▸ **Problem description**:
Produce a copy of every line in the records that holds the string "SENATE".

------ Data extracts ------

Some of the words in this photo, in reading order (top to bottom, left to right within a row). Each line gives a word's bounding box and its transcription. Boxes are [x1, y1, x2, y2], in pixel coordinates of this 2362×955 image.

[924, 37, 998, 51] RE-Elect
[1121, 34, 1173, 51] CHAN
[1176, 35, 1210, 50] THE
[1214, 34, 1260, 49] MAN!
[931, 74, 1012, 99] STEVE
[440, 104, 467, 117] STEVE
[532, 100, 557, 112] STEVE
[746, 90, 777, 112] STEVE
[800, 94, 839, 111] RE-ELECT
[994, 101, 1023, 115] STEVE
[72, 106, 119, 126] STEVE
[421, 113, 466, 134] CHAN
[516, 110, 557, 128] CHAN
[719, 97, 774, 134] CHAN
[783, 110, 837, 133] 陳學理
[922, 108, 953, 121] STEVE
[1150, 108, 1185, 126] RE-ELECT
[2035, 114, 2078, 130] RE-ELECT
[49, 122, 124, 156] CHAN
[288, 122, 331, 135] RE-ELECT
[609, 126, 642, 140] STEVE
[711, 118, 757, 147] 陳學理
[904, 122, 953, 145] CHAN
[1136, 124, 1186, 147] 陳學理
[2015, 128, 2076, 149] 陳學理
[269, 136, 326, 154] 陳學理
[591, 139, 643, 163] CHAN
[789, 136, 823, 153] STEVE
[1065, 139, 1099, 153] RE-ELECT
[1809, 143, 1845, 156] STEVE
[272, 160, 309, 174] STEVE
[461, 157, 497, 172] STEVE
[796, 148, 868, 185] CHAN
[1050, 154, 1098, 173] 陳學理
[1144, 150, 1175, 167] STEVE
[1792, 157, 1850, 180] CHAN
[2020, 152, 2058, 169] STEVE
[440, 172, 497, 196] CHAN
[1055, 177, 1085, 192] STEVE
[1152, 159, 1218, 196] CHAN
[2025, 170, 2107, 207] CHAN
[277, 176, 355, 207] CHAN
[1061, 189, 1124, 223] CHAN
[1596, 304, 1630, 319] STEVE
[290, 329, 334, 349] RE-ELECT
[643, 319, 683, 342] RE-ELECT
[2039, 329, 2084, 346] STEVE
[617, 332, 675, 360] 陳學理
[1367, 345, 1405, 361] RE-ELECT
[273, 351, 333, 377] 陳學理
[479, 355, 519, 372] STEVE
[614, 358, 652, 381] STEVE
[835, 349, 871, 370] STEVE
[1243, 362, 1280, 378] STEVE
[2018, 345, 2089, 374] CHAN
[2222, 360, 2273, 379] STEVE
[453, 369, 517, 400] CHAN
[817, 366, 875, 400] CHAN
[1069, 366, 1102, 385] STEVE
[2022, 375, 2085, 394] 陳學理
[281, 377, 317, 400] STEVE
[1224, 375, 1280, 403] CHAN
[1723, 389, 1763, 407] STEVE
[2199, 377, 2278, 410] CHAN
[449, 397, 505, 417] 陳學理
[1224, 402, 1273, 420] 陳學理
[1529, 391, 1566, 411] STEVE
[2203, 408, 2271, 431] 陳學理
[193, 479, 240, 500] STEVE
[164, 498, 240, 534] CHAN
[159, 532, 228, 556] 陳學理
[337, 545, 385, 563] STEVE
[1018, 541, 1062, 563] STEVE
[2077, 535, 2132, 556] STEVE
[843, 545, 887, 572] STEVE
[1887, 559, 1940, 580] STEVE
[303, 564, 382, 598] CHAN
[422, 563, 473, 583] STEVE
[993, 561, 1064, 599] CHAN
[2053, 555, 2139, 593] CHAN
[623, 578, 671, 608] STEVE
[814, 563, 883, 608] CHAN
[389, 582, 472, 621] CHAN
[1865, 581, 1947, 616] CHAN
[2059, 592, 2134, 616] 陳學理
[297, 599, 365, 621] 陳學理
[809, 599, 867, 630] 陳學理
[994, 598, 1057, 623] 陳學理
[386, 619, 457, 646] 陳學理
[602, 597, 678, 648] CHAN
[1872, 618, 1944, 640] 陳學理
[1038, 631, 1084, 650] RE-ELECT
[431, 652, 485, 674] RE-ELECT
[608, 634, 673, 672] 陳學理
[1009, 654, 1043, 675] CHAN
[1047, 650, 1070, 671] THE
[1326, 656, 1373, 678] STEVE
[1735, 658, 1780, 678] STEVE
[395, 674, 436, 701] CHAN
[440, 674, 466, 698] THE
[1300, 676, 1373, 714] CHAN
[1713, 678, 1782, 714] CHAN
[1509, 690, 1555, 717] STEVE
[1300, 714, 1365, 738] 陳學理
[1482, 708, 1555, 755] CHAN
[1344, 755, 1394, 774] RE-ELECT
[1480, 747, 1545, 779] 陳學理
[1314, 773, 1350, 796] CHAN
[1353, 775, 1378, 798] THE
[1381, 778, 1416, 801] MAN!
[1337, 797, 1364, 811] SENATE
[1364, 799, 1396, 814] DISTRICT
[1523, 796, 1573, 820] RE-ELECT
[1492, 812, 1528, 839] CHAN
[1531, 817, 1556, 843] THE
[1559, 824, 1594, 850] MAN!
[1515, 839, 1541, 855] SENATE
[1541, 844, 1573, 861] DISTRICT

------

▸ **The answer**:
[1337, 797, 1364, 811] SENATE
[1515, 839, 1541, 855] SENATE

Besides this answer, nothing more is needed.